Boutique eyewear retailers from around the world have set their sights on Canada as a hotbed for growth, hoping to capitalize on the country's aging population and what they say is its taste for haute couture.
Several companies, including Japan's Mujosh, U.S.-based Warby Parker and Bailey Nelson of Australia have plans to open dozens of new stores over the next few years.
"Canadian people focus more and more on fashion trends, which makes Canada a promising market for us," said Mujosh spokeswoman Doris Jin.
Mujosh opened its first Canadian store at the West Edmonton Mall last month. It already boasts more than 700 locations worldwide and plans to add shops in Vancouver, Toronto and Montreal, Ms. Jin said.
Last year, Canadians spent about $4.2-billion on spectacles, which includes frames, lenses, sunglasses and ready-made reading glasses, according to research firm Euromonitor International. That's up from about $4.06-billion the previous year and roughly $3.84-billion in 2014. Euromonitor International says its expects steady growth to continue in the near future.
"It's a very friendly market," said Ela Veresiu, assistant professor of marketing at the Schulich School of Business at York University in Toronto.
Bailey Nelson entered Canada in 2014, though it had to close its seven stores last month after the company severed a licensing agreement, said Bree Stanlake, the company's managing director of North America.
But it's coming back with two corporate-owned locations in Vancouver this spring, with plans to open one more in Vancouver and two others in Toronto over the next year, Ms. Stanlake said.
"Across Canada, I can see easily between 40 and 50 stores in the next four years," she said.
Last summer, Warby Parker chose Canada as the location for its first brick-and-mortar store outside the United States. It now has two Toronto locations.
Not to be outdone, some Canadian boutique chains also have ambitious growth goals. Montreal-based Bonlook currently has eight locations, but is planning to operate more than 40 stores by early 2020, said company spokeswoman Andréanne Ferland.
Part of what makes Canada so attractive for eyewear retailers is the population's worsening vision. A rising older population and more screen time among younger cohorts has resulted in more people needing glasses, Euromonitor International said in a report last year.
One-quarter of Canada's population is far-sighted, while 30 per cent have near-sightedness, Euromonitor International said. A larger number of people over the age of 55 also means a higher rate of presbyopia, an age-related vision problem.
Many of Canada's provincial health plans also cover regular eye exams for children, teens and seniors, meaning more Canadians have the means to spend on eyewear.
Mujosh's Ms.
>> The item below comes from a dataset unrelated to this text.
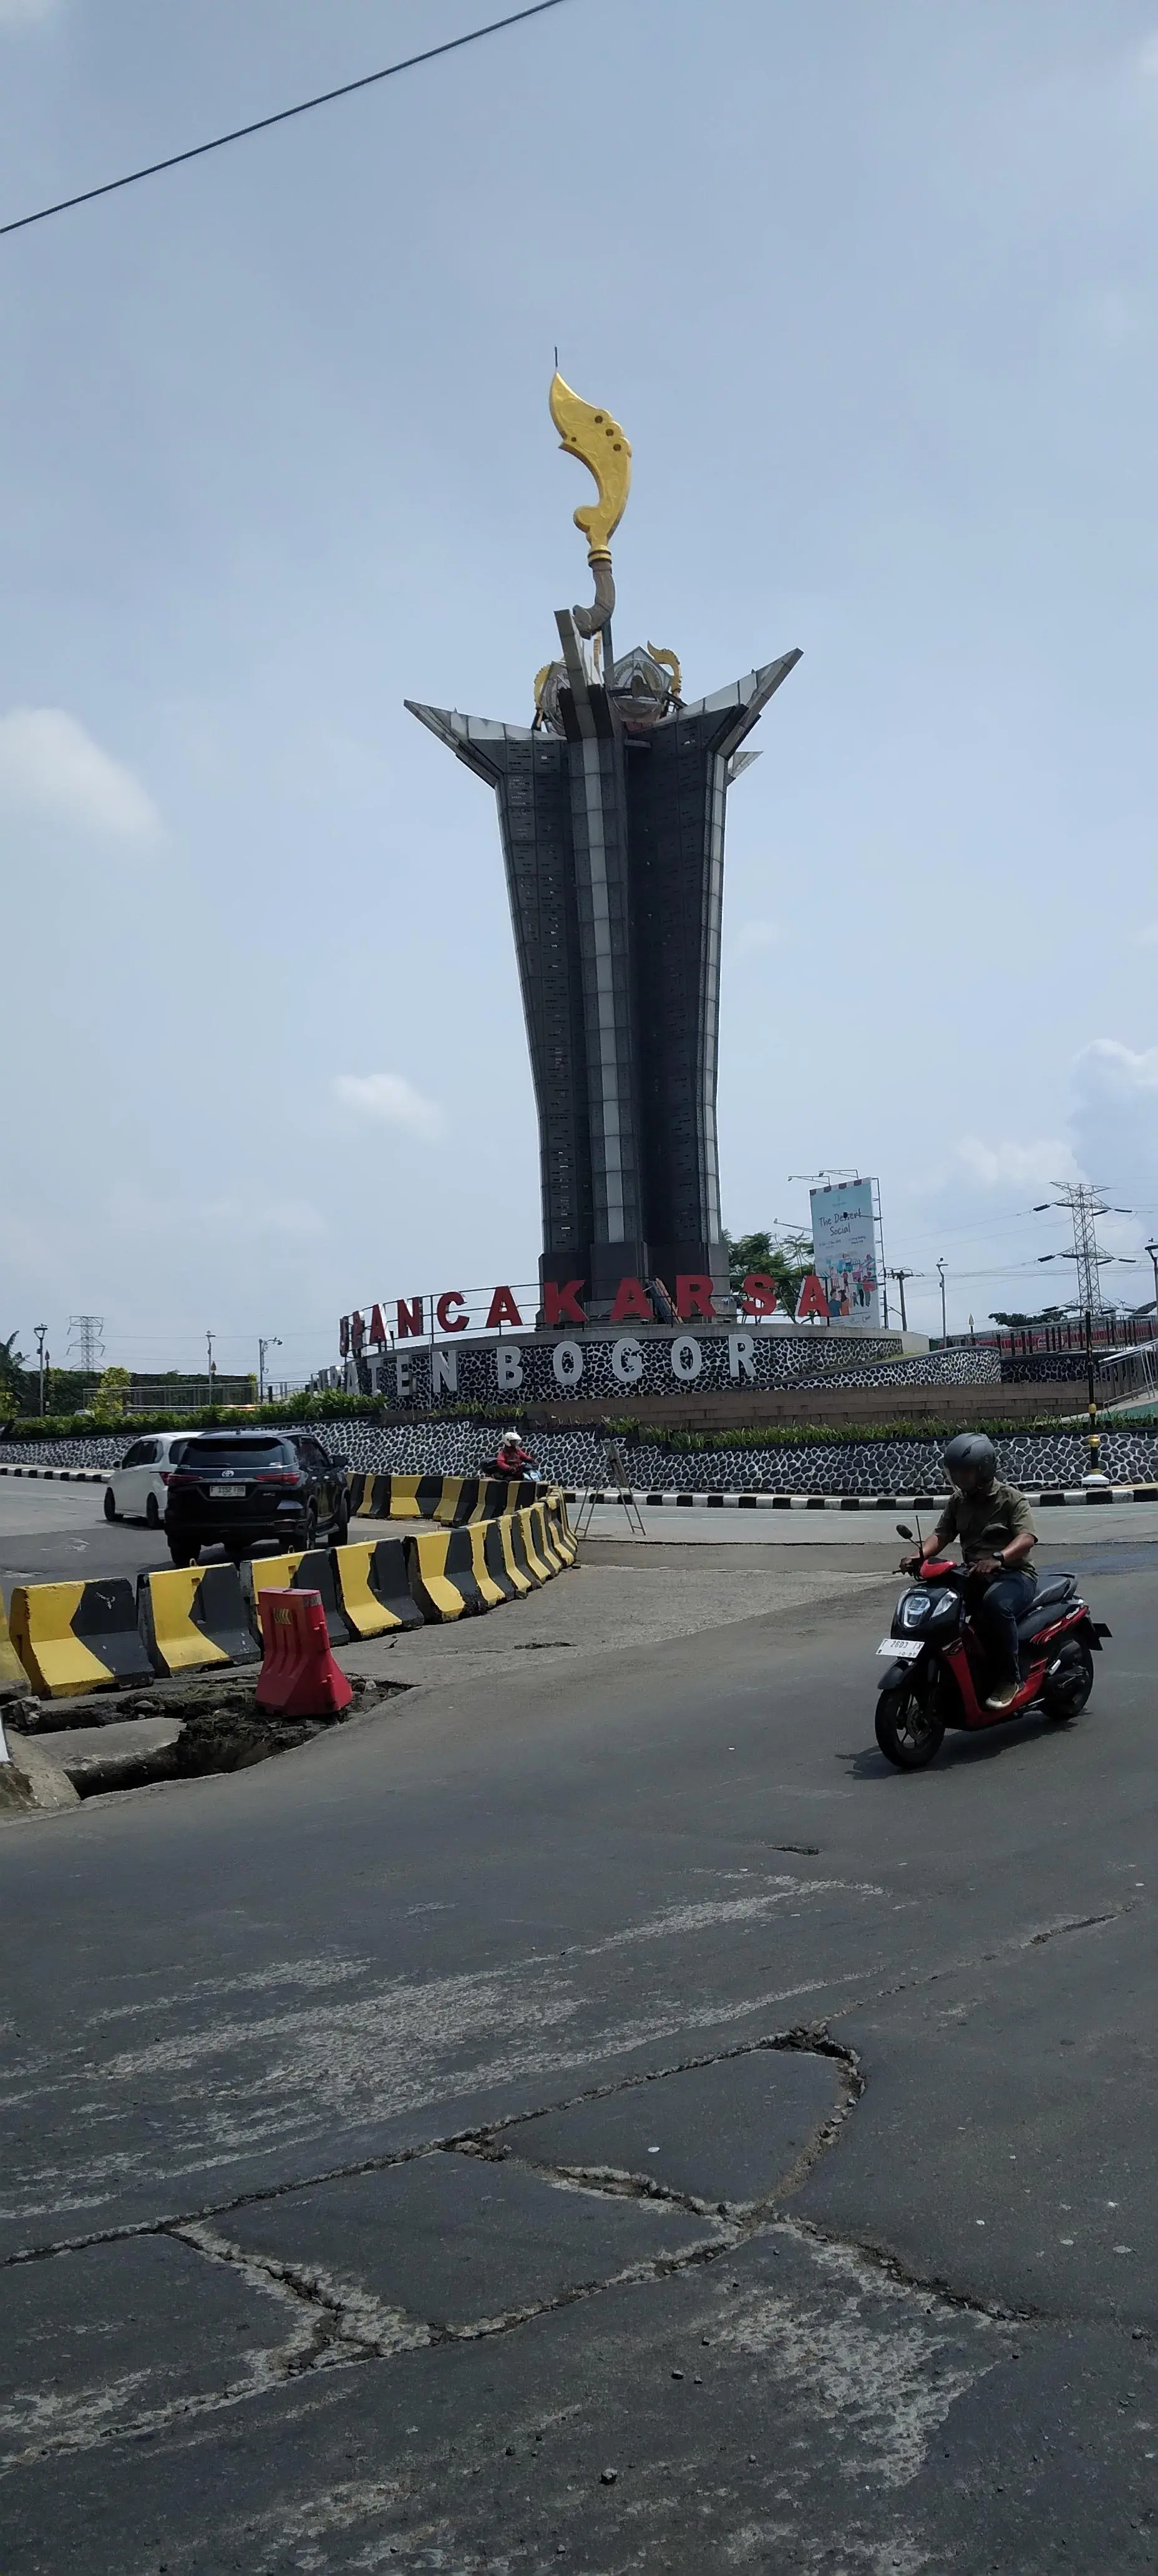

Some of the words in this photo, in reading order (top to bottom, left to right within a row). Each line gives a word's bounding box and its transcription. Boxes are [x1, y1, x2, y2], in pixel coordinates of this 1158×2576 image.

[819, 1217, 832, 1227] The
[830, 1222, 851, 1236] Social
[496, 1334, 758, 1390] BOGOR
Jin said there's another, more chi-chi factor at play.
"Canadian people focus more and more on fashion trends, which makes Canada a promising market for us," she said.
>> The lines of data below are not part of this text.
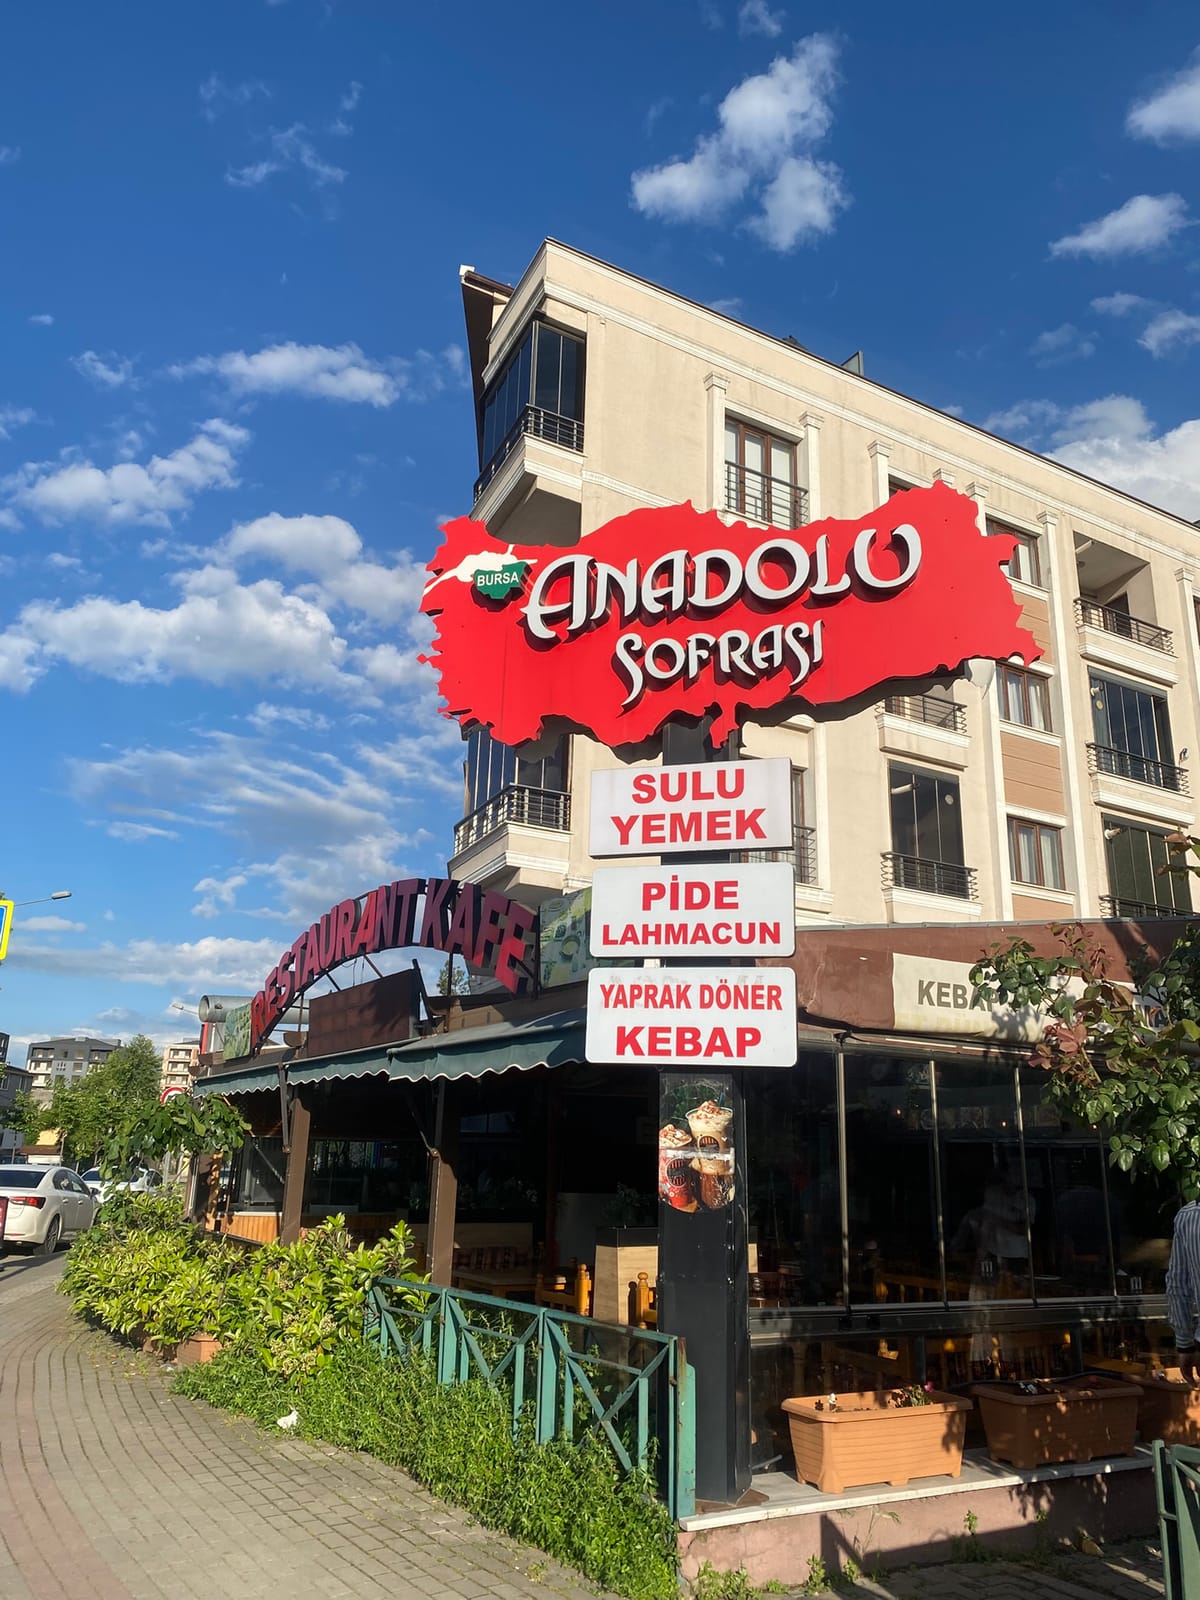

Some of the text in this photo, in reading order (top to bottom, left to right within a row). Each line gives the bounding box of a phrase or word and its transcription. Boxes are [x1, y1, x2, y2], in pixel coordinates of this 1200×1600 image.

[477, 571, 519, 586] BURSA
[519, 524, 922, 640] ANADOLU
[615, 620, 823, 706] SOFRASI
[631, 768, 745, 804] SULU
[610, 808, 767, 846] YEMEK
[642, 874, 739, 911] PİDE
[602, 921, 781, 946] LAHMACUN
[250, 878, 536, 1050] RESTAURANT KAFE
[599, 979, 782, 1011] YAPRAK DÖNER
[616, 1026, 762, 1058] KEBAP
That's not to say the eyewear expansion plans are destined for success.
"They can't just enter a market and expand quickly and think that just because there's increased demand … they're going to succeed," Ms. Veresiu said, pointing to Target's epic collapse in Canada, where it shuttered all of its 133 stores only two years after its launch here.
"The smart companies need to do their homework of course."